Full of sound and fury
I used that quote to start this post-- not because I believe it (because I do not), but to segue into what I believe to be the meaning of the term “Autism Spectrum Disorders,” often abbreviated (ASD): full of sound and fury-- signifying nothing. I have read books, surfed the Internet ad nauseam, and talked to many people to try to get the best understanding as to what that term means-- and depending on who you read, an academic, a parent, a doctor, a journalist, the answer can be quite evasive.
The best definition I found for Autism Spectrum Disorder (ASD) was in the book More Than Words, by Fern Sussman, which stated the following:
Autism Spectrum Disorder is a term that is currently being used by many professionals to describe children who have difficulties in social interaction, play and communication. ...ASD isn't a medical term. But it is a convenient way of describing a large a diverse group of children who have similarities in the way they process information and understand the world.

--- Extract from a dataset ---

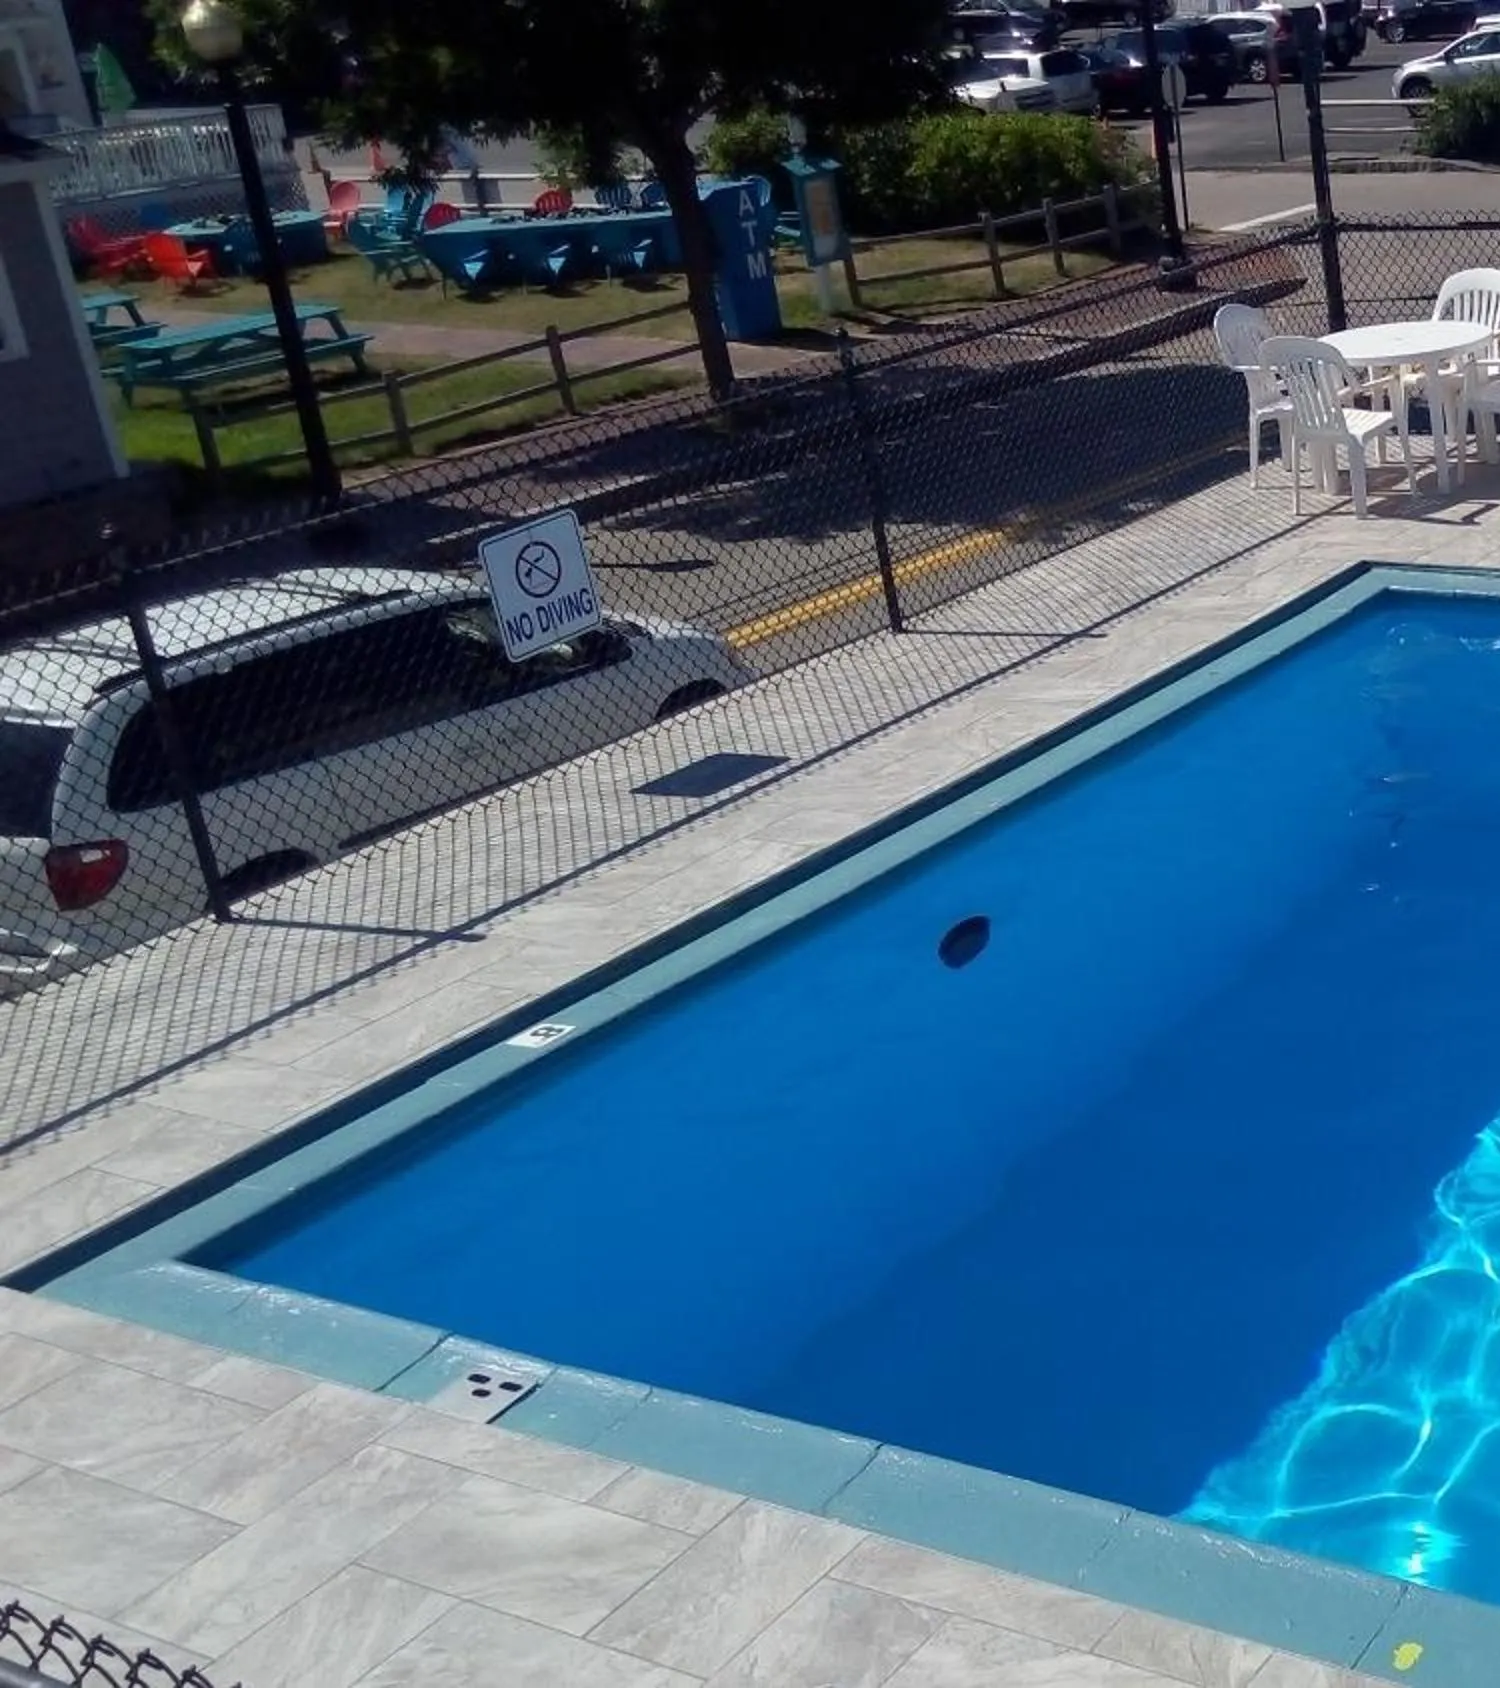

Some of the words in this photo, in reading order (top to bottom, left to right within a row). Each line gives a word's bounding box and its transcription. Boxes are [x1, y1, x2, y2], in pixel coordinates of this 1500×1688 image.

[738, 189, 767, 279] ATM
[505, 612, 534, 645] NO
[535, 588, 594, 632] DIVING

Go back and read that again. ASD in not a medical term, but is a convenient way of describing a large and diverse group of children.

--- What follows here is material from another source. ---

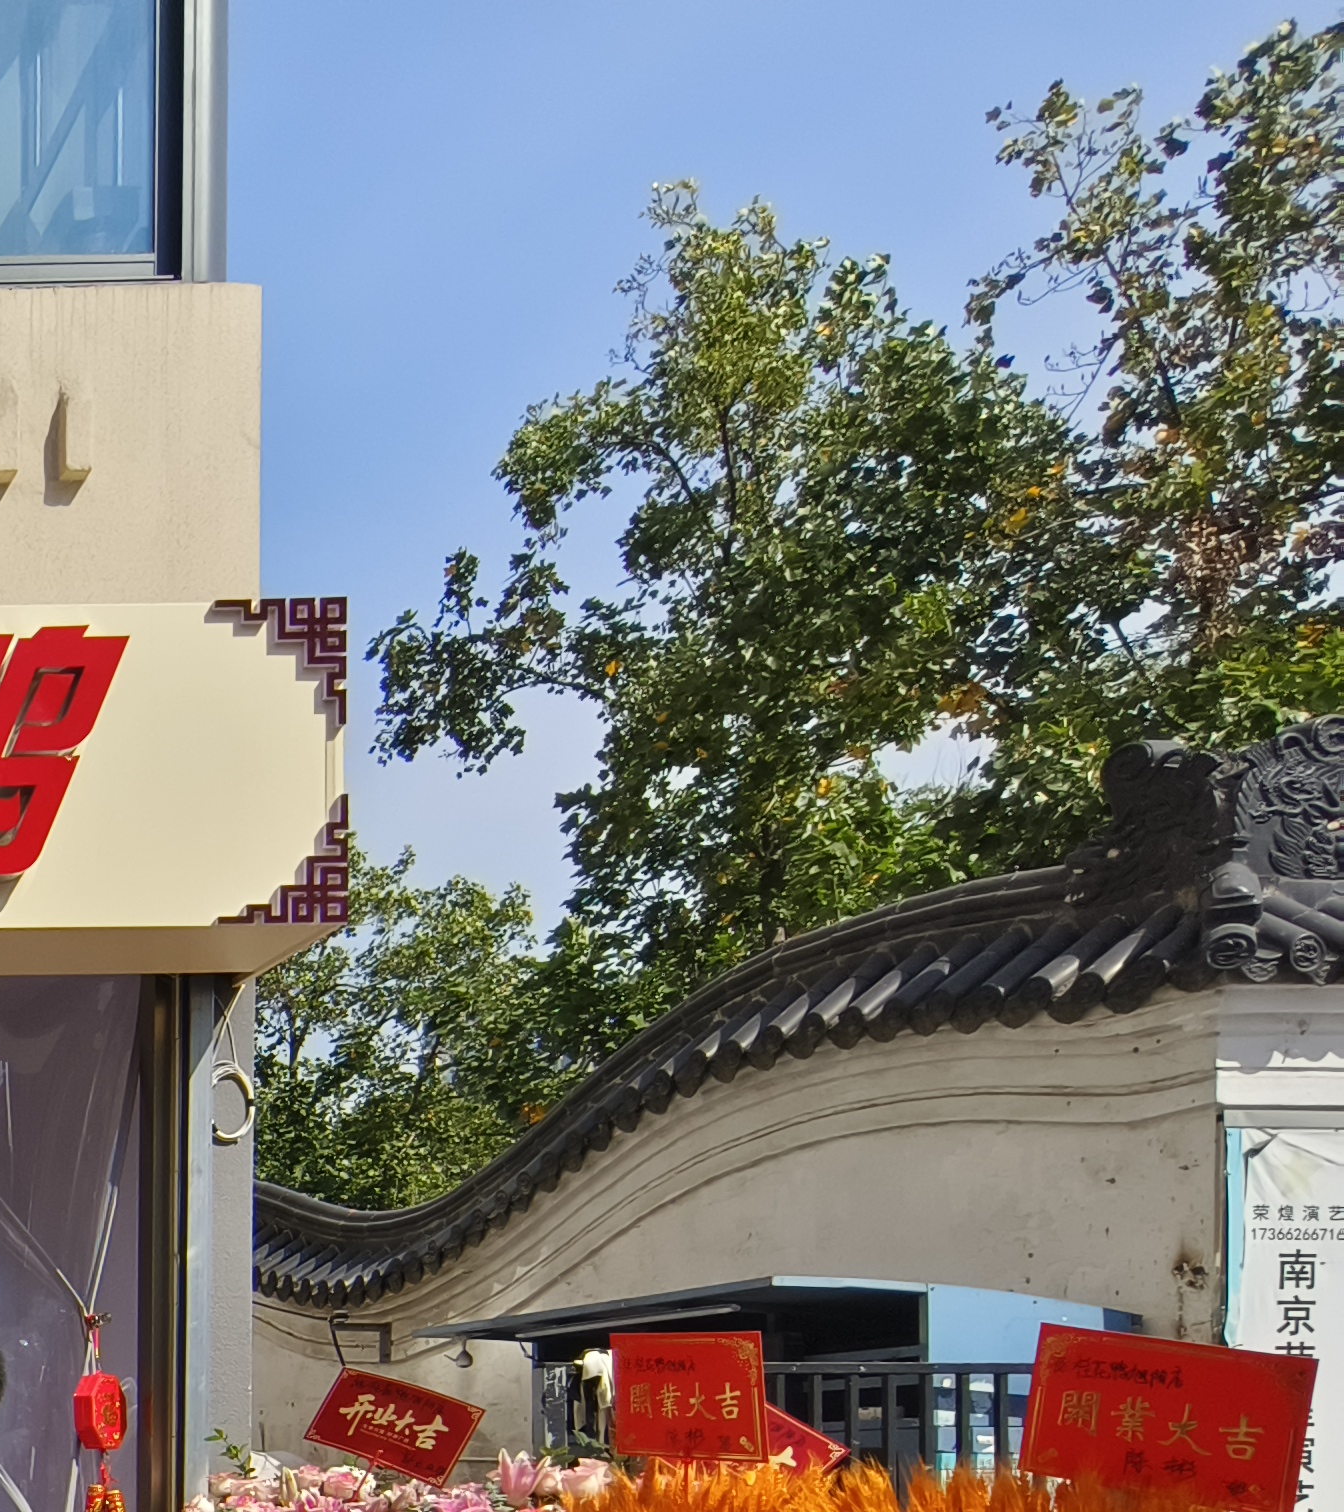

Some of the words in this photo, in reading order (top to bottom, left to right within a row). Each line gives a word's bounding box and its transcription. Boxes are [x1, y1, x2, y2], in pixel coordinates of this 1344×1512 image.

[338, 1393, 450, 1450] 开业大吉
[629, 1381, 742, 1420] 開業大吉
[1057, 1389, 1265, 1461] 開業大吉

The purpose of this post is not to minimalize a diagnosis of ASD, nor is it meant to provide insight into the any of the many diverse diagnoses which fall under that large umbrella. Rather, it is posted as a reminder to me and to you that this “ASD” we are trying to get our arms around is not susceptible to a “one size fits all” definition. Symptoms of one child are not shared by all. Remedies which benefit one child, will not benefit all.
The diversity of the affected children make it clear that while one thought, idea, treatment or strategy may work for one child or family, it may not work for another. The importance is getting the most information out there to ensure that each family is aware of the all of the different options and can evaluate the ones that may work best in each individual situation.